13. computerized tomography equipment as claimed in claim 12, wherein, control device is constructed to determine the passage corresponding with area-of-interest according to following formula:

$r1=a\tan \left(\frac{x1-\mathrm{xv}1}{y1-\mathrm{yv}1}\right)-\mathrm{\θ}$

$r2=a\tan \left(\frac{x2-\mathrm{xv}2}{y2-\mathrm{yv}2}\right)-\mathrm{\θ}$

$c1=\mathrm{Ccenter}+r1\×\frac{(C\max -\mathrm{Ccenter})}{\mathrm{rh}}$

$c2=\mathrm{Ccenter}+r2\×\frac{(C\max -\mathrm{Ccenter})}{\mathrm{rh}}$

Wherein, (x1, y1) be the coordinate of the pixel in the upper left corner of area-of-interest, (x2, y2) be the coordinate of the pixel in the lower right corner of area-of-interest, θ is the X-ray projectional angle of setting, (xv1, and (xv2 yv1), yv2) vertical line through the center of baseline image and the coordinate of intersection point of graticule limiting X-ray projectional angle is respectively, Ccenter is the middle numbering in the numbering of the passage of X-ray sensing apparatus, Cmax is the maximum numbering in the numbering of the passage of X-ray sensing apparatus, rh is transmitted into angle between the X-ray with the passage of middle numbering of X-ray sensing apparatus and the X-ray with the passage of maximum numbering being transmitted into X-ray sensing apparatus from X-ray generator from X-ray generator, c1 and c2 is respectively the lowest number of the passage corresponding with area-of-interest and maximum numbering.

14. computerized tomography equipment as claimed in claim 12, wherein, control device is constructed to determine the contrast concentration corresponding with area-of-interest according to the data obtained by the passage corresponding with area-of-interest in the sampled data obtained.

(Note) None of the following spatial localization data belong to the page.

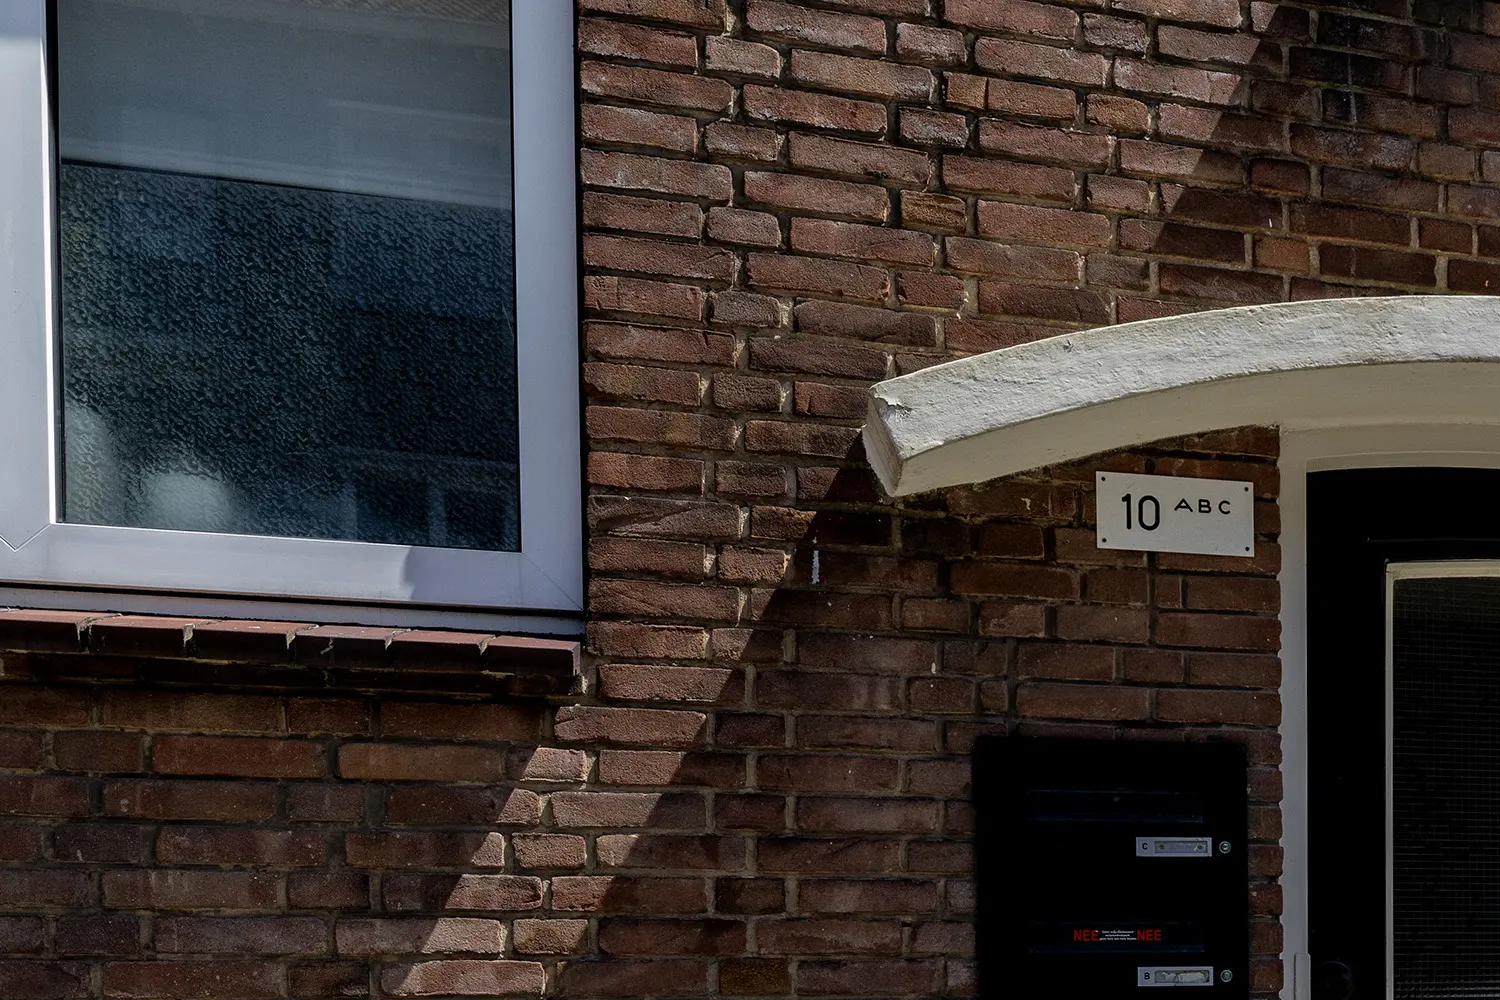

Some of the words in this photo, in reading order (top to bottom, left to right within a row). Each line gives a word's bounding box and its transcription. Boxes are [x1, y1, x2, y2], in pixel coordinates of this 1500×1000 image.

[1121, 493, 1160, 531] 10
[1142, 842, 1148, 850] C
[1073, 929, 1100, 942] NEE
[1136, 929, 1162, 941] NEE
[1144, 972, 1151, 980] B

15. computerized tomography equipment as claimed in claim 14, wherein, control device is constructed to calculate the contrast concentration corresponding with area-of-interest according to following formula:

$D\left(n\right)=\underset{i=c1}{\overset{c2}{\mathrm{\Σ}}}{P}_n\left(i\right)-B$

$B=\underset{i=c1}{\overset{c2}{\mathrm{\Σ}}}{P}_p\left(i\right)$

Wherein, P _ni () represents the sampled data obtained by No. i-th passage by carrying out destination object monitoring scanning n-th time, P _pi () represents the sampled data obtained by No. i-th passage by carrying out prescan to destination object, B is the baseline value carrying out prescan to destination object and obtained by the passage corresponding with area-of-interest, D represents the contrast concentration corresponding with area-of-interest when carrying out monitoring scanning for n-th time to destination object, n and i is natural number.